··· Material supplied ···

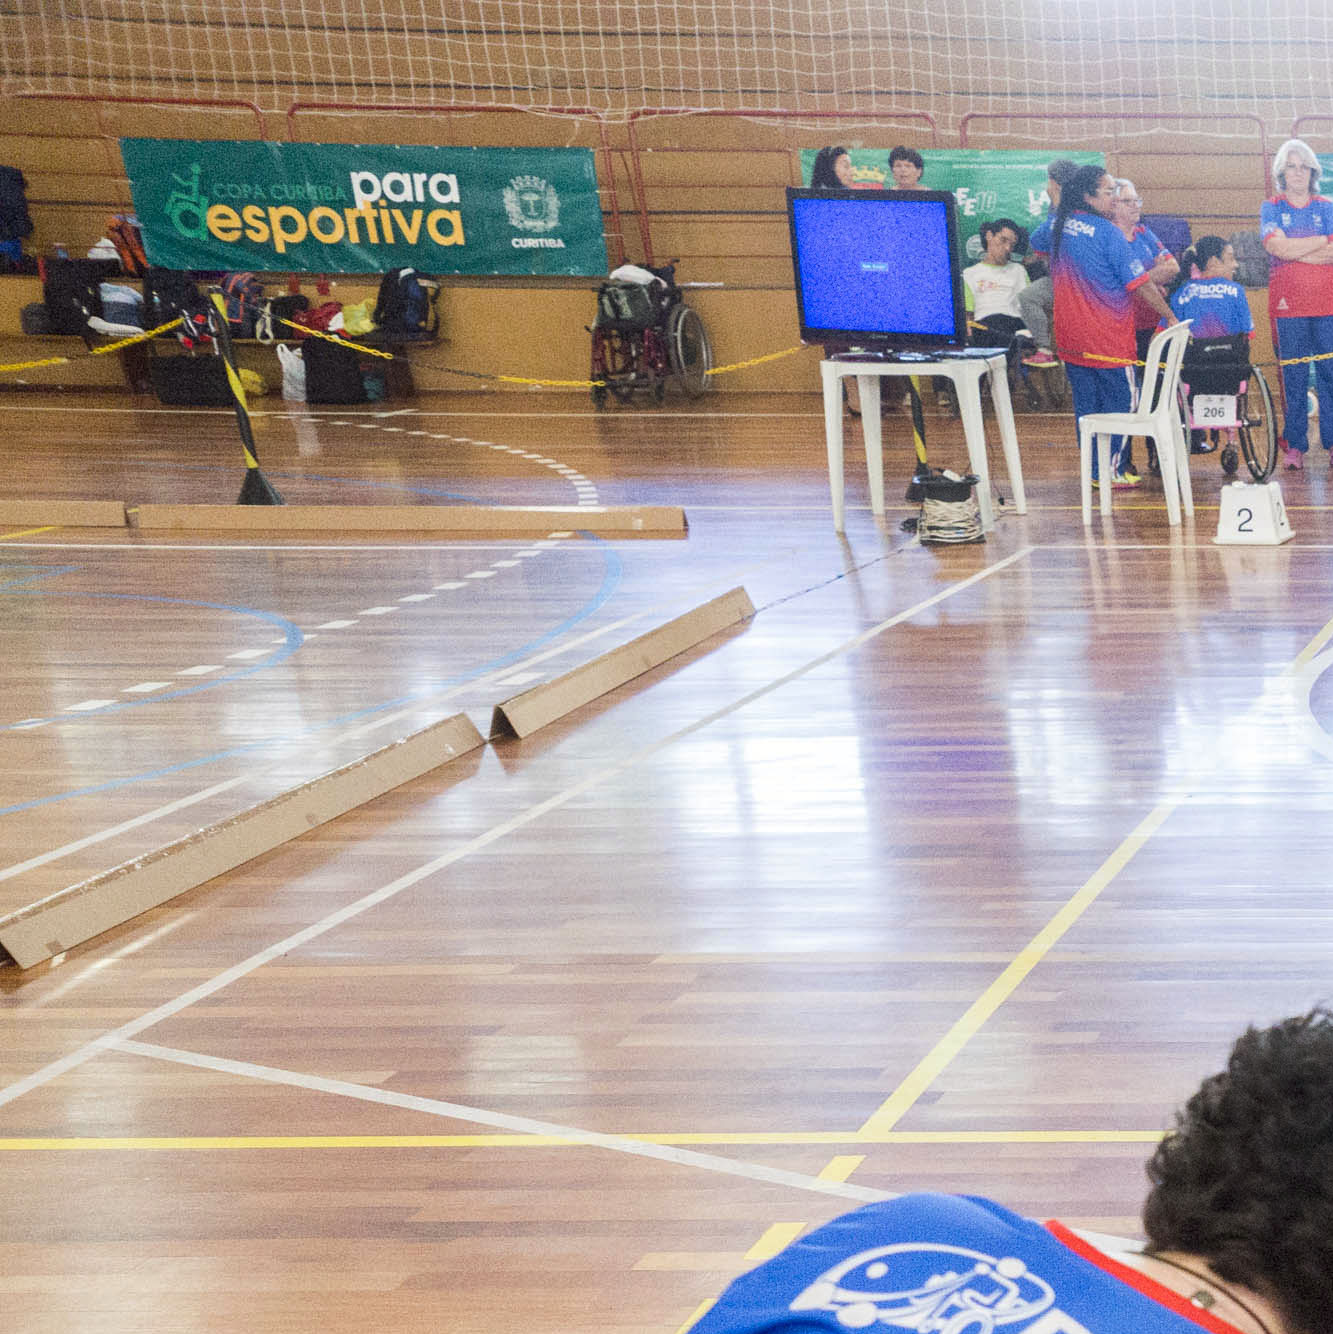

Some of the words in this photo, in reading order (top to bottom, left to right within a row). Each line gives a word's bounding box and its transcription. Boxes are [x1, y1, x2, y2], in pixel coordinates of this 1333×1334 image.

[212, 182, 265, 200] COPA
[270, 183, 347, 201] CURITIBA
[349, 171, 460, 210] para
[511, 237, 565, 249] CURITIBA
[1199, 283, 1238, 298] BOCHA
[1203, 407, 1226, 418] 206
[1237, 507, 1254, 533] 2

···

*What the task asks*:
Only an exact, picture-free copy of the entries counts as the answer.

*Expected answer*:
Some of the words in this photo, in reading order (top to bottom, left to right within a row). Each line gives a word's bounding box and its transcription. Boxes are [x1, y1, x2, y2], in pixel coordinates of this 1333×1334 image.

[212, 182, 265, 200] COPA
[270, 183, 347, 201] CURITIBA
[349, 171, 460, 210] para
[511, 237, 565, 249] CURITIBA
[1199, 283, 1238, 298] BOCHA
[1203, 407, 1226, 418] 206
[1237, 507, 1254, 533] 2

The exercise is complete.